*Your objective*:
The listing that follows should be copied in full, exactly as written.

*Data under study*:
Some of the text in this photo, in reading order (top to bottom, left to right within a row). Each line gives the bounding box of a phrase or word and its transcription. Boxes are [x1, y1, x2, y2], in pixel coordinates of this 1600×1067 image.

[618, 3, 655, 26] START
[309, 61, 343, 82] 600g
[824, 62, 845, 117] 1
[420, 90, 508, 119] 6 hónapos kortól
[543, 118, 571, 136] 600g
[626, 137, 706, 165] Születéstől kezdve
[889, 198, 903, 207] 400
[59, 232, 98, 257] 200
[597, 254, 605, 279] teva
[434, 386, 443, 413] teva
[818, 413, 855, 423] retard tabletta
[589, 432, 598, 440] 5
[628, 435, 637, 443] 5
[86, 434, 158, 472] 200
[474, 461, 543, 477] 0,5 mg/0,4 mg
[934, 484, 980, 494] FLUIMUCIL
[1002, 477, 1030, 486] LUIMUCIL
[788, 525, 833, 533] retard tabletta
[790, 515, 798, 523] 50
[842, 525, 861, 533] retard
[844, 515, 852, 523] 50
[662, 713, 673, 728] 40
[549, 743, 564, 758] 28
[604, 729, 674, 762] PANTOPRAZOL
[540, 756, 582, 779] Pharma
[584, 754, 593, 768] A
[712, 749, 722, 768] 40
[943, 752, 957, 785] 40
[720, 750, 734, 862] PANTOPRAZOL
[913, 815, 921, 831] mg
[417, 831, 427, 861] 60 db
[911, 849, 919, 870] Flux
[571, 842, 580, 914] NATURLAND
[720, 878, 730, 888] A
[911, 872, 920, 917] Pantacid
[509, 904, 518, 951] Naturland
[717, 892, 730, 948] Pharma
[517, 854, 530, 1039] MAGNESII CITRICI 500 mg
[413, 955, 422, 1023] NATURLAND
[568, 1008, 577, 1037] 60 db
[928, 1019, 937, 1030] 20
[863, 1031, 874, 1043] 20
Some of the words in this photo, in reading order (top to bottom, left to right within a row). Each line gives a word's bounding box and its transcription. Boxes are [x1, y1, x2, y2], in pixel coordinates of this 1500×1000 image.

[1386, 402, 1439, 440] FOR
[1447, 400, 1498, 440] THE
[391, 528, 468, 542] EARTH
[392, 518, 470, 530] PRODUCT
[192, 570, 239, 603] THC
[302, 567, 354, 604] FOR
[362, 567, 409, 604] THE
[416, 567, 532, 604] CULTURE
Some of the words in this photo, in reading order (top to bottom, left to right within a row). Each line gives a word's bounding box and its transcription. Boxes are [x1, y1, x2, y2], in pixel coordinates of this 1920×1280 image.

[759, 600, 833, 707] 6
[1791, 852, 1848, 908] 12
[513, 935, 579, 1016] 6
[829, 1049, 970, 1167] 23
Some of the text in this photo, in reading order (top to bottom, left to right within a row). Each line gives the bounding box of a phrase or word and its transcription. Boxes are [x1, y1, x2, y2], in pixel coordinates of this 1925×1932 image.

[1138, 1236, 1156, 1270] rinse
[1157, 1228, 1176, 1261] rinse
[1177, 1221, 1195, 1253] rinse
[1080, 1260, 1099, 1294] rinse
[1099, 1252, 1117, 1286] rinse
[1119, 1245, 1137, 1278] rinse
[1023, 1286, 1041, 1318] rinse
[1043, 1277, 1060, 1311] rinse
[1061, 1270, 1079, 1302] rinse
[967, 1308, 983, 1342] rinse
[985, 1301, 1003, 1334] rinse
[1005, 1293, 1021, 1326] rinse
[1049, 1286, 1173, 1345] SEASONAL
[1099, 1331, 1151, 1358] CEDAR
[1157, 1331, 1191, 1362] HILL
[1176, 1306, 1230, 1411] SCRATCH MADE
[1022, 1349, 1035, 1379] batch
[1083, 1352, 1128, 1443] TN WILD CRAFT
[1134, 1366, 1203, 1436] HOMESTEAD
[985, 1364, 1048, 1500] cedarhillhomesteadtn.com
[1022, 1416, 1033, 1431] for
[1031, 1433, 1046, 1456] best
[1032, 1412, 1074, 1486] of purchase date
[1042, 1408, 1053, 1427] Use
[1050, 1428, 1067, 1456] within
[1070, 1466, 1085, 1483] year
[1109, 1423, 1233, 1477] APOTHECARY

*Output of the task*:
Some of the text in this photo, in reading order (top to bottom, left to right within a row). Each line gives the bounding box of a phrase or word and its transcription. Boxes are [x1, y1, x2, y2], in pixel coordinates of this 1600×1067 image.

[618, 3, 655, 26] START
[309, 61, 343, 82] 600g
[824, 62, 845, 117] 1
[420, 90, 508, 119] 6 hónapos kortól
[543, 118, 571, 136] 600g
[626, 137, 706, 165] Születéstől kezdve
[889, 198, 903, 207] 400
[59, 232, 98, 257] 200
[597, 254, 605, 279] teva
[434, 386, 443, 413] teva
[818, 413, 855, 423] retard tabletta
[589, 432, 598, 440] 5
[628, 435, 637, 443] 5
[86, 434, 158, 472] 200
[474, 461, 543, 477] 0,5 mg/0,4 mg
[934, 484, 980, 494] FLUIMUCIL
[1002, 477, 1030, 486] LUIMUCIL
[788, 525, 833, 533] retard tabletta
[790, 515, 798, 523] 50
[842, 525, 861, 533] retard
[844, 515, 852, 523] 50
[662, 713, 673, 728] 40
[549, 743, 564, 758] 28
[604, 729, 674, 762] PANTOPRAZOL
[540, 756, 582, 779] Pharma
[584, 754, 593, 768] A
[712, 749, 722, 768] 40
[943, 752, 957, 785] 40
[720, 750, 734, 862] PANTOPRAZOL
[913, 815, 921, 831] mg
[417, 831, 427, 861] 60 db
[911, 849, 919, 870] Flux
[571, 842, 580, 914] NATURLAND
[720, 878, 730, 888] A
[911, 872, 920, 917] Pantacid
[509, 904, 518, 951] Naturland
[717, 892, 730, 948] Pharma
[517, 854, 530, 1039] MAGNESII CITRICI 500 mg
[413, 955, 422, 1023] NATURLAND
[568, 1008, 577, 1037] 60 db
[928, 1019, 937, 1030] 20
[863, 1031, 874, 1043] 20
Some of the words in this photo, in reading order (top to bottom, left to right within a row). Each line gives a word's bounding box and its transcription. Boxes are [x1, y1, x2, y2], in pixel coordinates of this 1500×1000 image.

[1386, 402, 1439, 440] FOR
[1447, 400, 1498, 440] THE
[391, 528, 468, 542] EARTH
[392, 518, 470, 530] PRODUCT
[192, 570, 239, 603] THC
[302, 567, 354, 604] FOR
[362, 567, 409, 604] THE
[416, 567, 532, 604] CULTURE
Some of the words in this photo, in reading order (top to bottom, left to right within a row). Each line gives a word's bounding box and its transcription. Boxes are [x1, y1, x2, y2], in pixel coordinates of this 1920×1280 image.

[759, 600, 833, 707] 6
[1791, 852, 1848, 908] 12
[513, 935, 579, 1016] 6
[829, 1049, 970, 1167] 23
Some of the text in this photo, in reading order (top to bottom, left to right within a row). Each line gives the bounding box of a phrase or word and its transcription. Boxes are [x1, y1, x2, y2], in pixel coordinates of this 1925×1932 image.

[1138, 1236, 1156, 1270] rinse
[1157, 1228, 1176, 1261] rinse
[1177, 1221, 1195, 1253] rinse
[1080, 1260, 1099, 1294] rinse
[1099, 1252, 1117, 1286] rinse
[1119, 1245, 1137, 1278] rinse
[1023, 1286, 1041, 1318] rinse
[1043, 1277, 1060, 1311] rinse
[1061, 1270, 1079, 1302] rinse
[967, 1308, 983, 1342] rinse
[985, 1301, 1003, 1334] rinse
[1005, 1293, 1021, 1326] rinse
[1049, 1286, 1173, 1345] SEASONAL
[1099, 1331, 1151, 1358] CEDAR
[1157, 1331, 1191, 1362] HILL
[1176, 1306, 1230, 1411] SCRATCH MADE
[1022, 1349, 1035, 1379] batch
[1083, 1352, 1128, 1443] TN WILD CRAFT
[1134, 1366, 1203, 1436] HOMESTEAD
[985, 1364, 1048, 1500] cedarhillhomesteadtn.com
[1022, 1416, 1033, 1431] for
[1031, 1433, 1046, 1456] best
[1032, 1412, 1074, 1486] of purchase date
[1042, 1408, 1053, 1427] Use
[1050, 1428, 1067, 1456] within
[1070, 1466, 1085, 1483] year
[1109, 1423, 1233, 1477] APOTHECARY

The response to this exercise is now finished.